Once it’s been prepared, she takes Aven into her bedroom, giving me a ‘good luck’ wink before she exits.
“Honey, you cooked,” Bastian teases when we sit at the table. Is it possible to choke on your own spit? I suddenly feel like I can’t breathe, trying to be Susie Homemaker when I’m really in a panic. Yet he sat down and stared at the meal with appreciation.
“Yeah, I think I still like things very rare.” He laughs, knife slicing through the red meat. “And, in case you were worried or wondering. I want nothing to do with alcohol,” he says, eyes turning earnest.
“Oh, I…I hadn’t thought about that. But that’s wonderful.”
He looks relieved once he’s said it and I wonder what else is plaguing him beneath those lovely eyes.
“Okay,” he says, chewing. “I guess you can cook. But let me guess, you used extra butter like I taught you.” There’s an uneasiness inside him, and I know it’s from the unexpected transformation, yet he still smiles. Bastian loved the sun but enjoyed being a vampire.
“Perhaps,” I say, drinking my water, my heart racing. I don’t want to hold out for too long. I need to rip off the Band-Aid. “Bastian, I…I need to ask you something.” I stand, grabbing Cassius’s journal from the mantel, and slide it in front of him.
His fingers graze the worn leather, recognition blossoming in his eyes from the initial monogrammed on the front. “Is this my brother’s?” he asks, eyeing me quizzically.
“Yes. I asked him if you ever kept a journal. I wanted it to help with your resurrection. And he told me you didn’t, but that he had begun writing bits and pieces of an autobiography, and he gave it to me. And I read something in it, something I couldn’t believe.”
His mouth ceases chewing.
“There was a conversation between my grandmother and you. Do you remember it?”

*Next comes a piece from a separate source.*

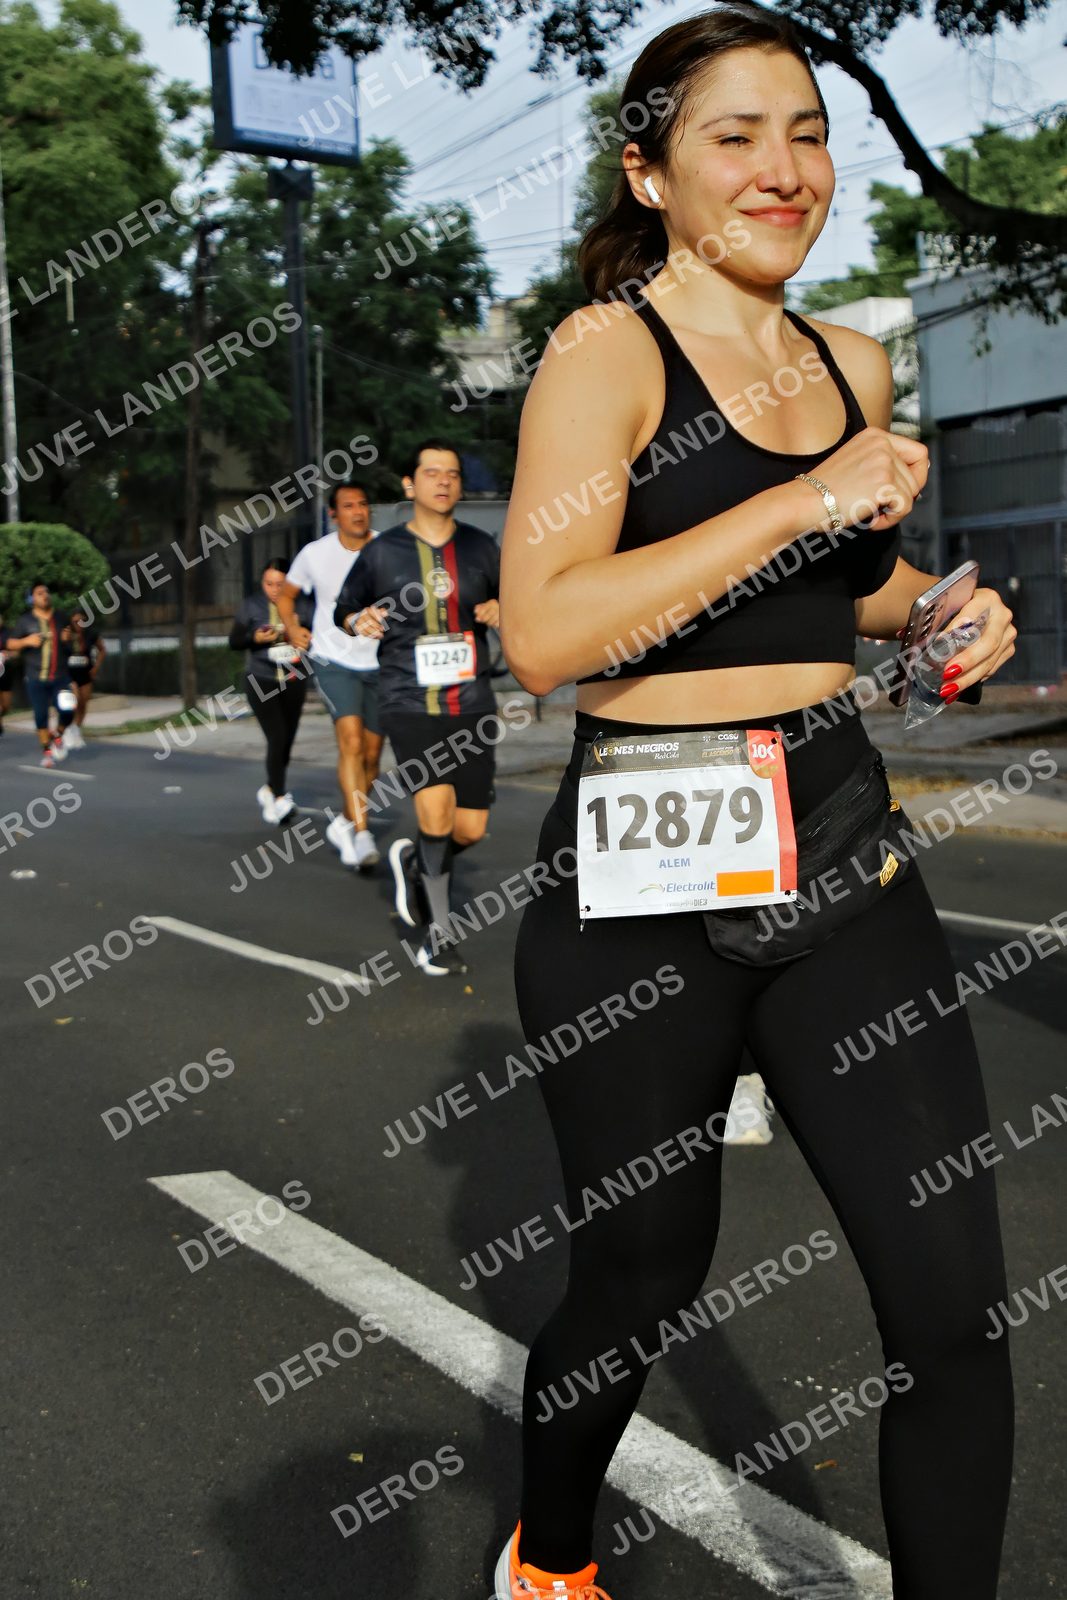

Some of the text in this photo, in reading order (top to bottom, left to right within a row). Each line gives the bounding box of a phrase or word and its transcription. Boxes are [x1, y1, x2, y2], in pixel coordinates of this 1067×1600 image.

“Wait. A conversation between your grandma and me?”The fork and knife freeze in his fingers.
I nod, chewing on my lower lip. “My grandmother whispered in your ear one night in Pirate’s Alley.”
Placing the knife and fork on the table, his eyes meet mine, eyebrows creased with wonder. “What did she whisper?”
My mouth opens, but nothing comes out. I don’t know what I expected, but I’m sure it wasn’t that.
“Well…” I sigh, a wisp of hope sinking through my stomach. “I was going to ask you that.”
His fingers tap the table, eyes squinting at me. “Aster. That was a long time ago.”
I clasp my fingers tightly, a wave of worry slamming into my core because I hoped so badly that he would have an answer. I pick up the journal and open it to the page I have bookmarked.
“Do you remember meeting her? In Pirate’s Alley?
You had just been turned, and Cassius was with you.
You consumed a drunk man’s blood, so you were very drunk.
My grandma saw you in the alley and whispered something in your ear that Cassius didn’t hear.
Before that, she said out loud that you would change everything.
And Bastian. You have. Because of you, my coven has a male witch. ”
Pressing his fingers into his forehead, he closes his eyes tightly. “Pirate’s Alley?”
He opens them, reaching for the book. He reads in silence for a few minutes, and I watch his eyes glaze over, taking in the moments with my grandmother, the quarrel with Cassius. Then he looks up at me and says with astonished eyes, “That girl was your grandmother?”
He’s puzzled, but there’s a spark of memory, so I clasp my hands over my chest. “Yes!”
Emotions bubble up my throat because he remembers her, and I want to jump up and down.
But his face falls as he shakes his head.
“I remember a girl in Pirate’s Alley. Arguing with Cassius.
But that’s all. If I spoke to your grandmother on the street years ago, you don’t think I would have told you that?
I don’t remember a thing she said.” His look is incredulous, a vein of annoyance in his voice.
He must notice the tightness in my jaw, how I ceased breathing, how my neck turned to stone.
Because his hand reaches across the table to find mine.
“I’m sorry, I…at that time I was getting blood drunk as often as I could, consuming massive amounts of drunk blood that it was the equivalent of getting black-out drunk for humans.
I eventually had to stop drinking from drunks.
I vaguely remember Cassius being angry with me in the alley… but I’m so sorry. It’s a blur.”